National beagle club

The National Beagle Club of America, Inc. is the AKC parent beagle club for the beagle breed and the American Registry and recognizing body for the formal beagle, basset, and harrier packs.

You can find their website here.

Are beagles part of the hound family?

Beagles are part of the wider group of dogs known as hounds.

Most hounds, including beagles, share the common ancestral trait of being used for hunting. Some, like beagles, use acute scent powers to follow a trail and prey.

Other hounds explore their gift of endurance in the relentless pursuit of quarry.

Most hounds can produce a sound known as “baying.” When deciding what type of dog to get, it’s important you sample their unique bark before making your final decision.

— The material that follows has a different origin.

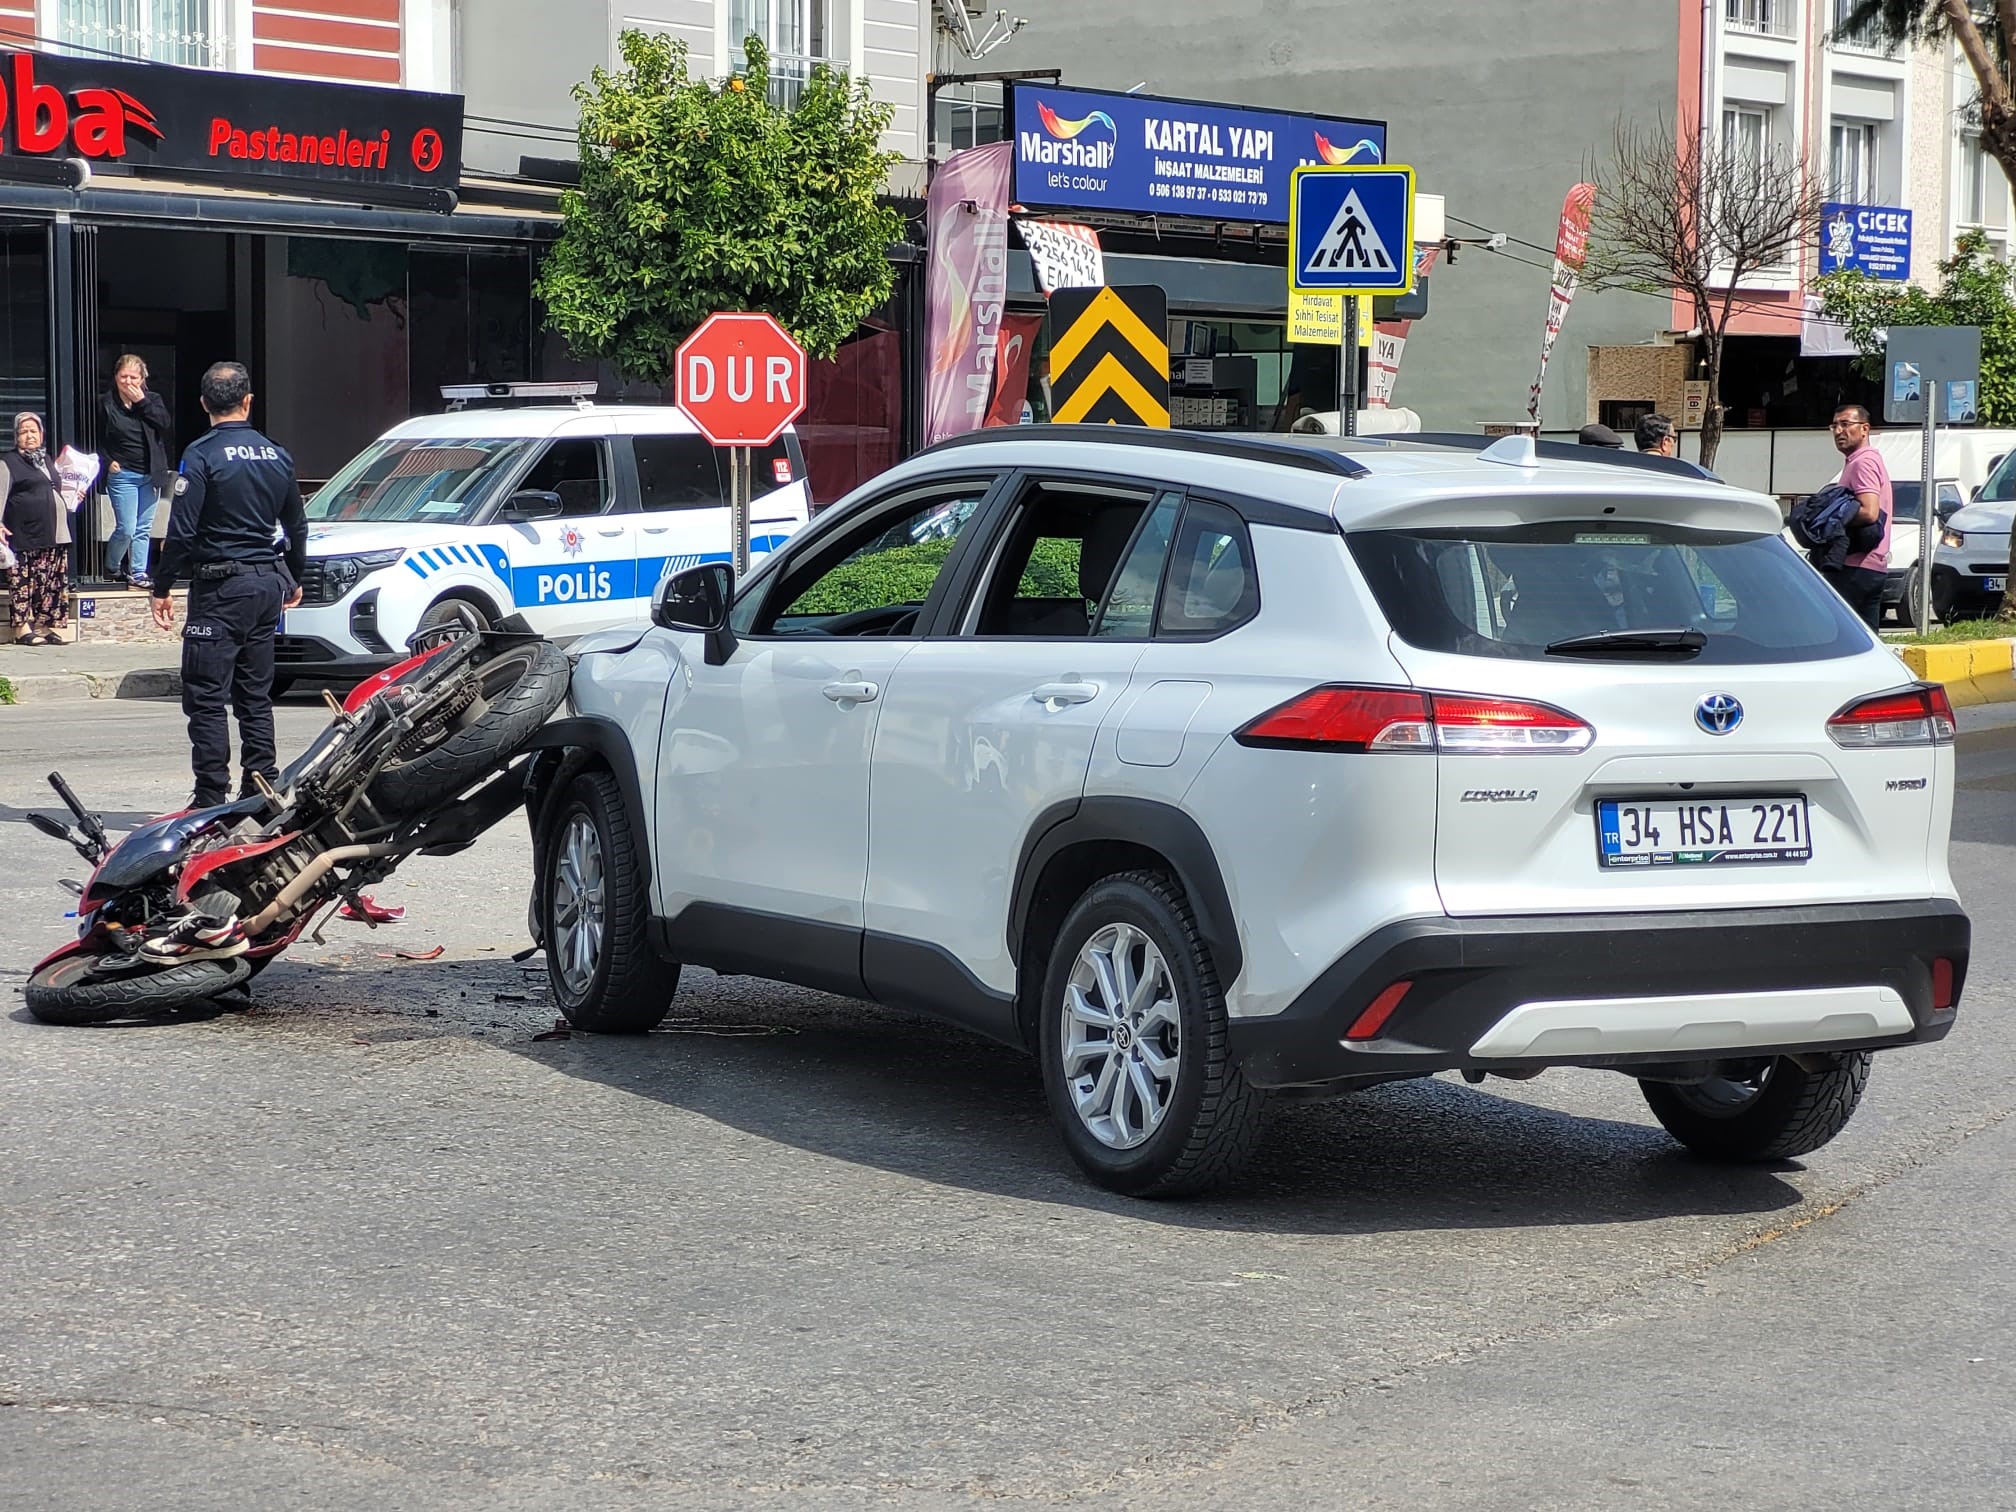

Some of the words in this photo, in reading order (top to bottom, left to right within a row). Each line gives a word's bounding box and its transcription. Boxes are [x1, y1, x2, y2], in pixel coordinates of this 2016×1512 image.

The AKC list the below breeds as members of the hound family;

  • Afghan Hound
  • American English Coonhound
  • American Foxhound
  • Basenji
  • Basset Hound
  • Beagle
  • Black and Tan Coonhound
  • Bloodhound
  • Bluetick Coonhound
  • Borzoi
  • Cirneco dell’Etna
  • Smooth Dachshund
  • English Foxhound
  • Greyhound
  • Harrier
  • Ibizan Hound
  • Irish Wolfhound
  • Norwegian Elkhound
  • Otterhound
  • Petit Basset Griffon Vendéen
  • Pharaoh Hound
  • Plott
  • Portuguese Podengo Pequeno
  • Redbone Coonhound
  • Rhodesian Ridgeback
  • Saluki
  • Scottish Deerhound
  • Treeing Walker Coonhound
  • Whippet


The Beagle breed goes back a long way, a breed that most probably started out as a hunter, bred to serve a purpose through the ages but has now found a place in loving homes worldwide.